▶ _What you need to do_
Each entry must be output once more without any change.

= Beginning of Section =

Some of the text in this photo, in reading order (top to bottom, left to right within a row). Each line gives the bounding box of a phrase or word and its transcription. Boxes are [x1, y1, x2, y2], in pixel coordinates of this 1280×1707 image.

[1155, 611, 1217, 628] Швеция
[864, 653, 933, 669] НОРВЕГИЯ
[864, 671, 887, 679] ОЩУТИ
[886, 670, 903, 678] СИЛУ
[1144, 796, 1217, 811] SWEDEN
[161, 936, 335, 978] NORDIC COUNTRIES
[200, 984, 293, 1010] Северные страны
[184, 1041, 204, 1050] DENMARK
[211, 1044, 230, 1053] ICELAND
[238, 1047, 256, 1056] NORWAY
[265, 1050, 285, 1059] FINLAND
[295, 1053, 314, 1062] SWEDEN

= End of Section =

▶ _Expected answer_
Some of the text in this photo, in reading order (top to bottom, left to right within a row). Each line gives the bounding box of a phrase or word and its transcription. Boxes are [x1, y1, x2, y2], in pixel coordinates of this 1280×1707 image.

[1155, 611, 1217, 628] Швеция
[864, 653, 933, 669] НОРВЕГИЯ
[864, 671, 887, 679] ОЩУТИ
[886, 670, 903, 678] СИЛУ
[1144, 796, 1217, 811] SWEDEN
[161, 936, 335, 978] NORDIC COUNTRIES
[200, 984, 293, 1010] Северные страны
[184, 1041, 204, 1050] DENMARK
[211, 1044, 230, 1053] ICELAND
[238, 1047, 256, 1056] NORWAY
[265, 1050, 285, 1059] FINLAND
[295, 1053, 314, 1062] SWEDEN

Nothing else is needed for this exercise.